GOAL OF THE EXERCISE -
Everything from the "Some of the text" line to the final line of the listing should be written out exactly. Skip the pictures.

SUPPLIED MATERIAL -
-=-=-=-=-
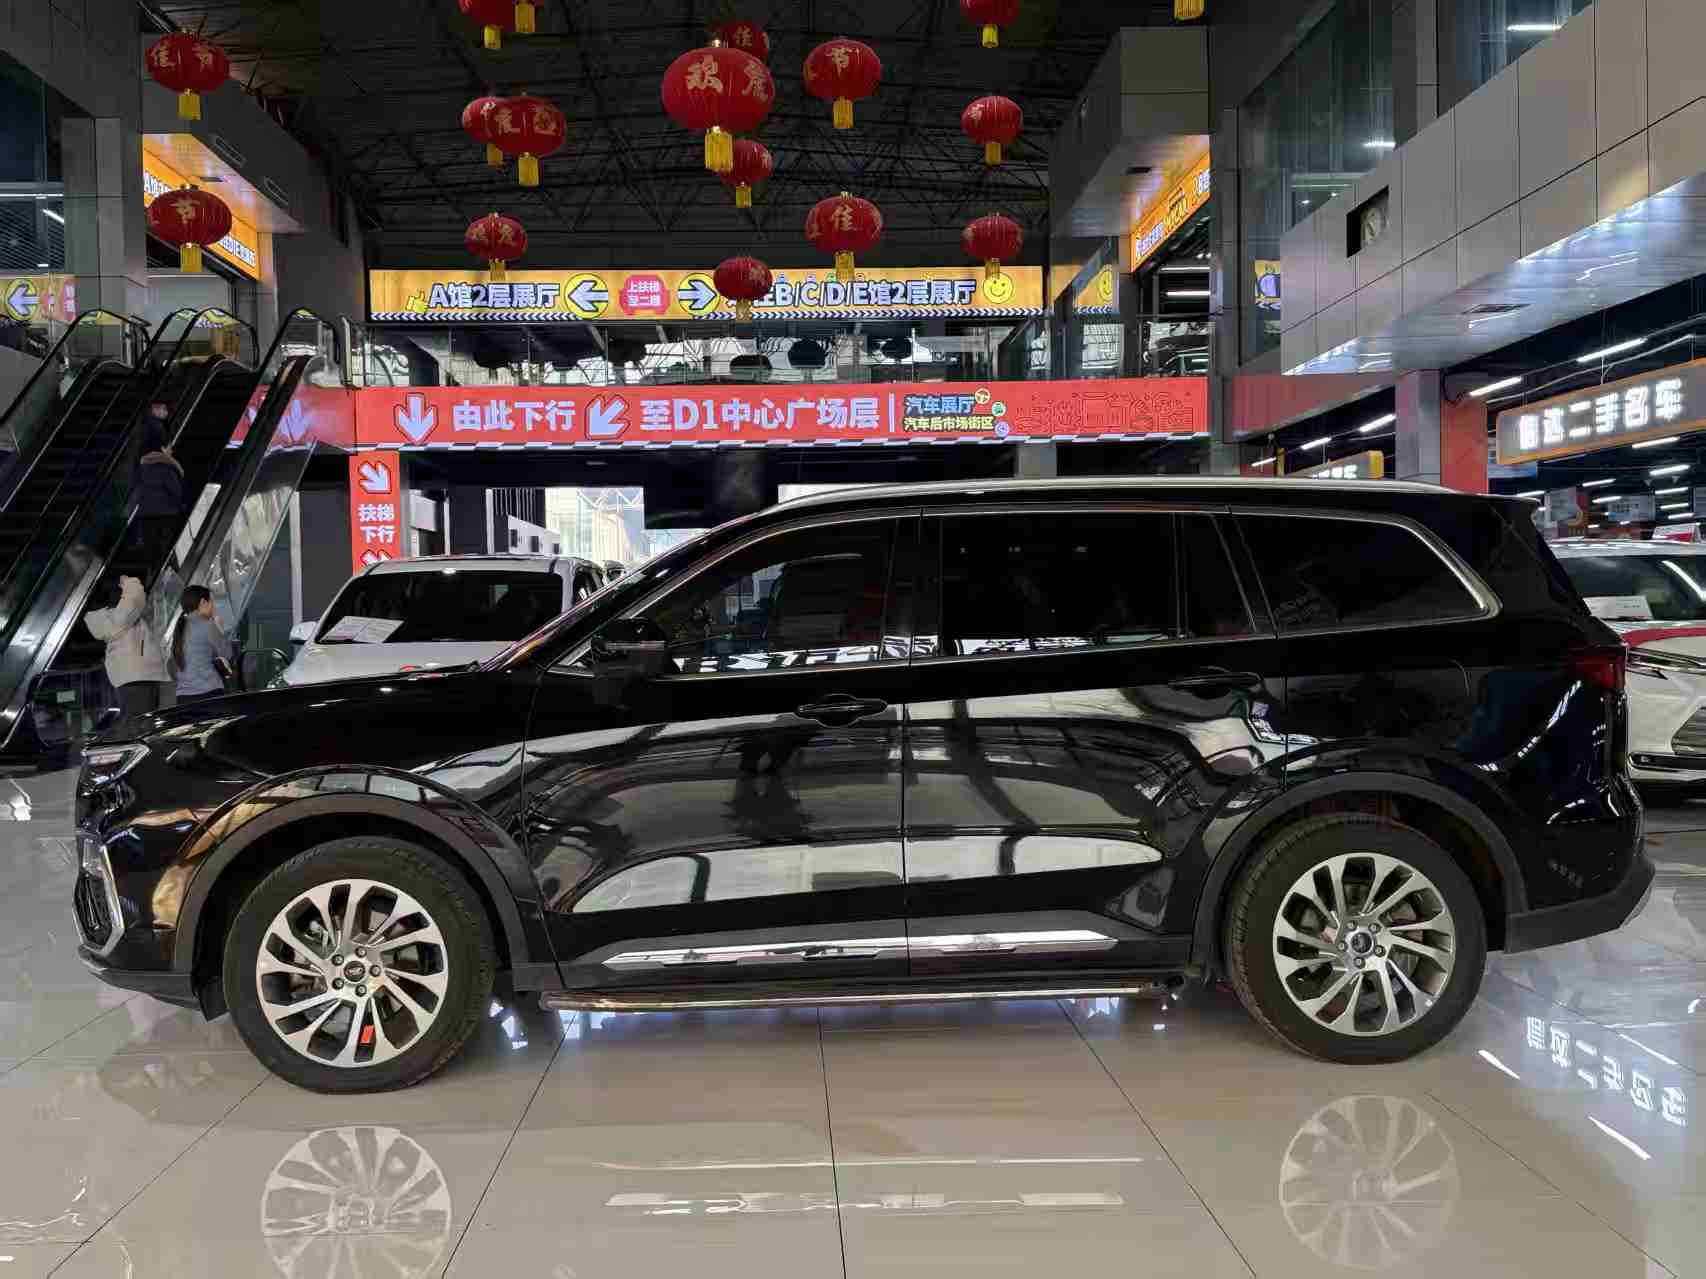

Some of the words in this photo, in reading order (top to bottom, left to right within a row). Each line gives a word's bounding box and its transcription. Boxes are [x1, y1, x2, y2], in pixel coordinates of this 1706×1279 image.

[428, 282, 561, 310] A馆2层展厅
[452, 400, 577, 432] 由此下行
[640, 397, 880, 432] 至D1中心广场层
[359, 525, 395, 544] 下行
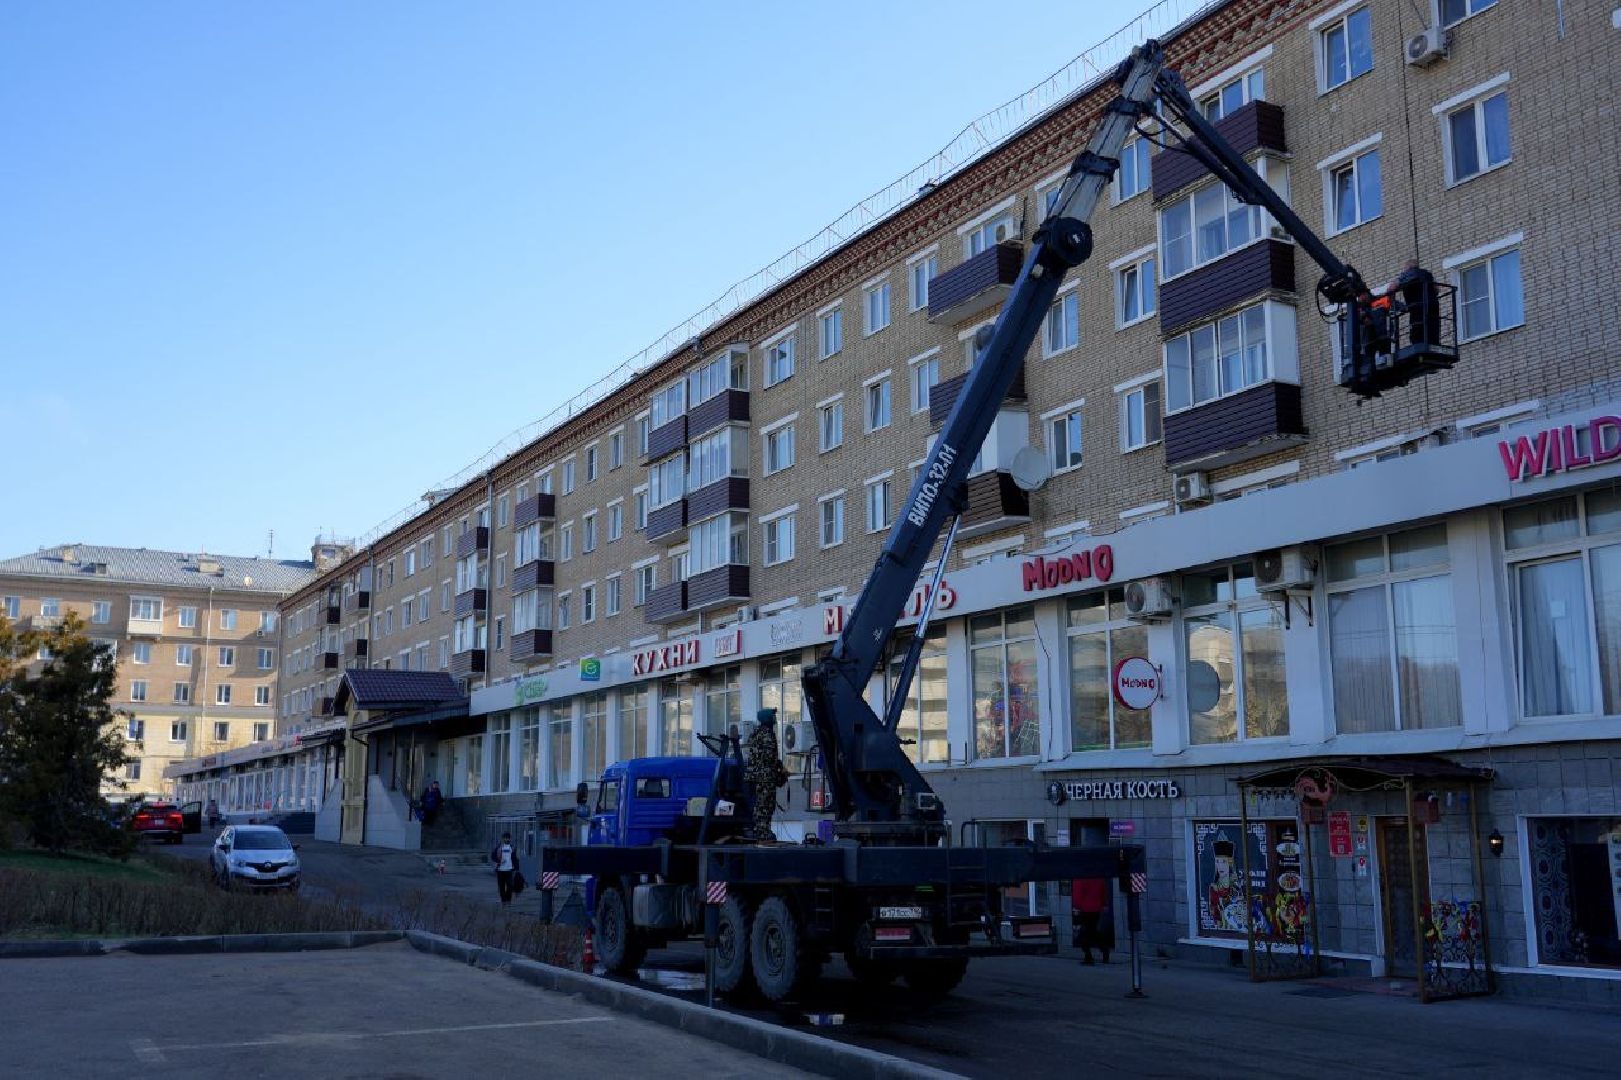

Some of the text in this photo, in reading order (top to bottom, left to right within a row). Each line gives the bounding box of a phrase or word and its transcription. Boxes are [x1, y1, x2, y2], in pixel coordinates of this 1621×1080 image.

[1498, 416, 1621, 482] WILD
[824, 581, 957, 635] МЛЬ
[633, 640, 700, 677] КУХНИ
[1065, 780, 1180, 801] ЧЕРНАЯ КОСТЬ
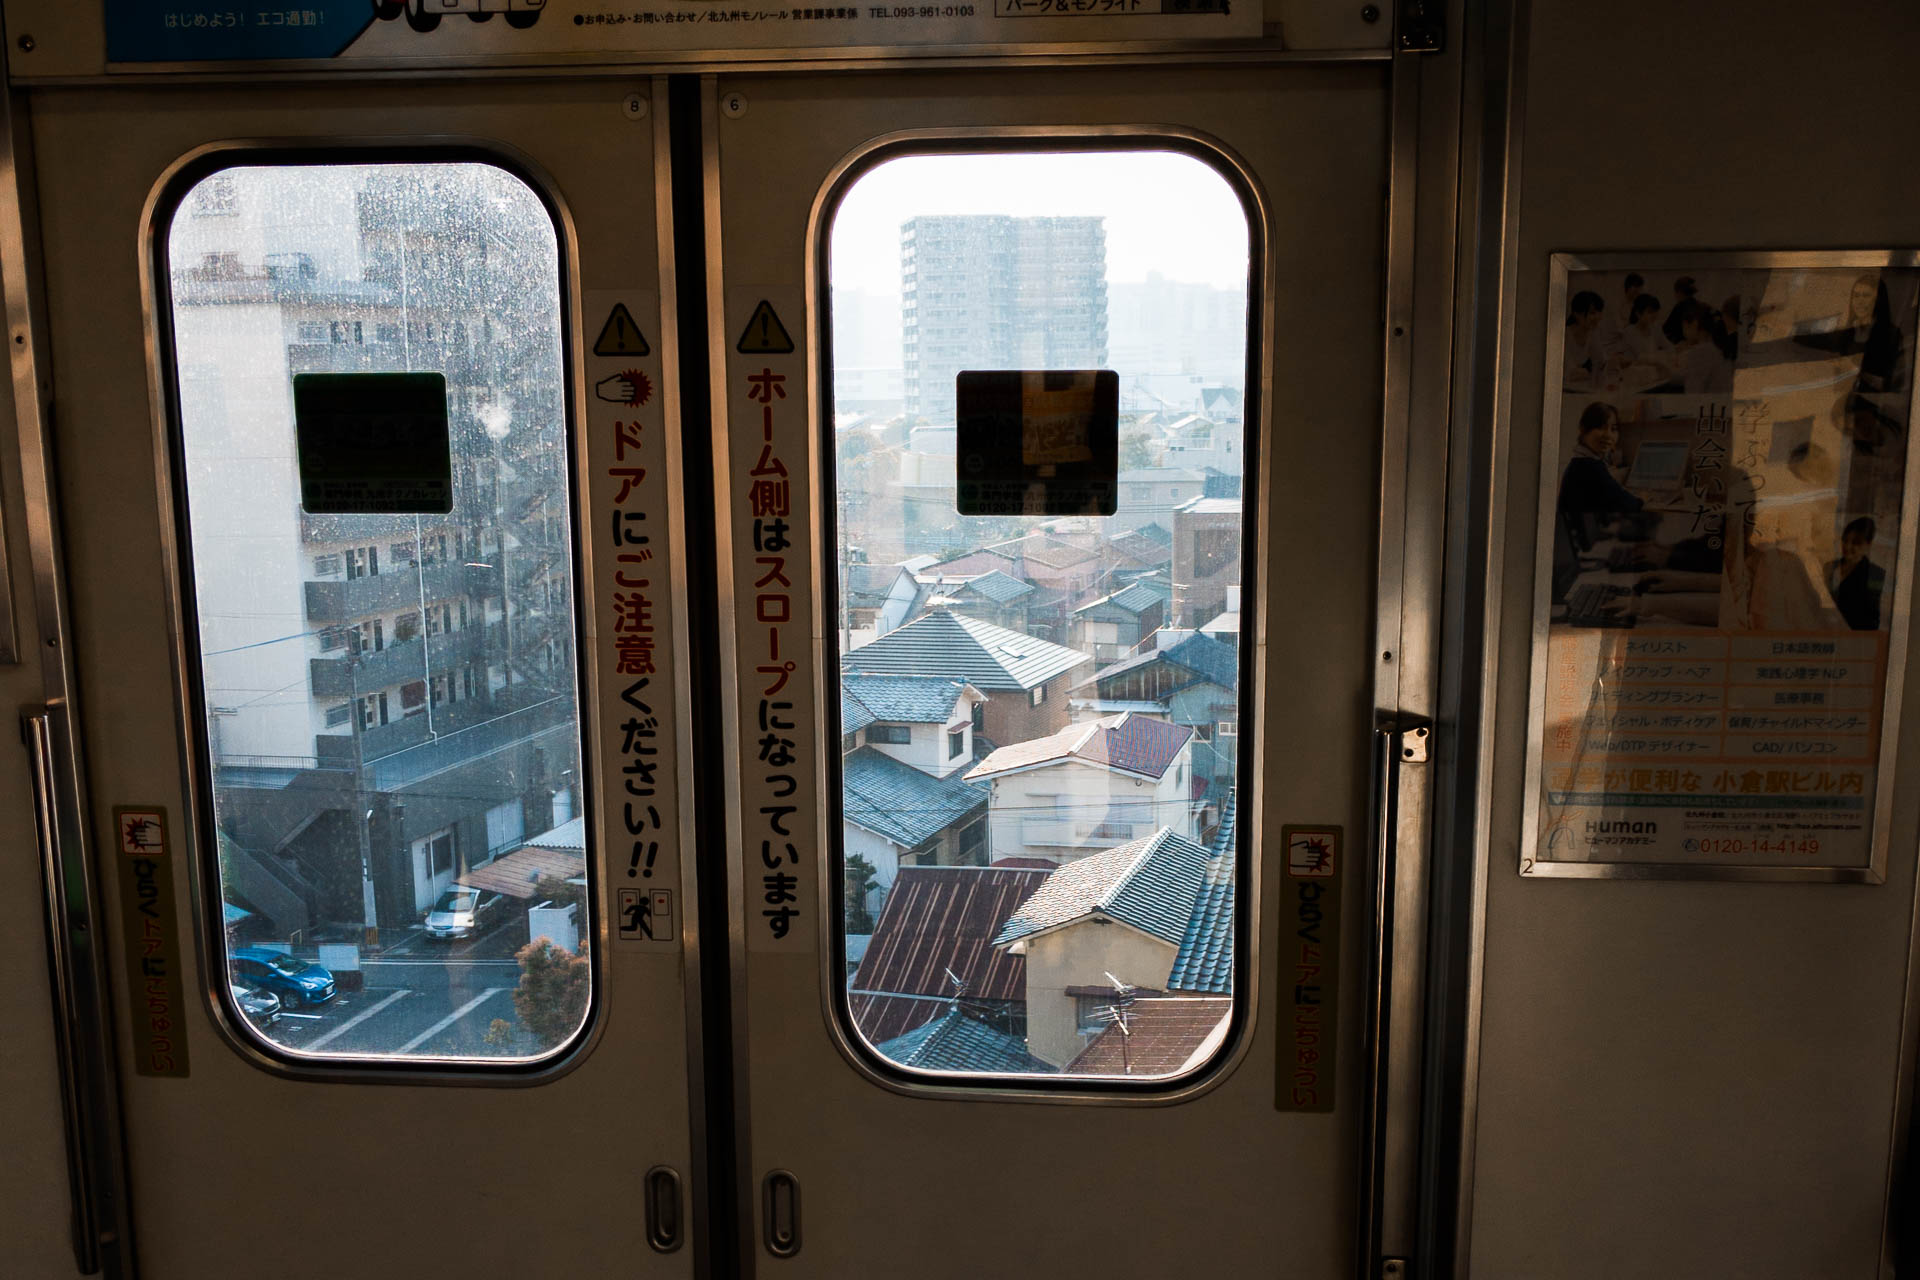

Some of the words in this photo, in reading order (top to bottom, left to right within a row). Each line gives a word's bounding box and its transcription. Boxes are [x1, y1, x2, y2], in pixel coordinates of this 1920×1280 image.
-=-=-=-=-
ANSWER -
Some of the text in this photo, in reading order (top to bottom, left to right within a row). Each line gives the bounding box of a phrase or word and its transcription. Boxes are [x1, y1, x2, y2], in pixel coordinates of this 1621×1080 image.

[1498, 416, 1621, 482] WILD
[824, 581, 957, 635] МЛЬ
[633, 640, 700, 677] КУХНИ
[1065, 780, 1180, 801] ЧЕРНАЯ КОСТЬ

Some of the words in this photo, in reading order (top to bottom, left to right within a row). Each line gives a word's bounding box and its transcription. Boxes are [x1, y1, x2, y2], in pixel coordinates of this 1920×1280 image.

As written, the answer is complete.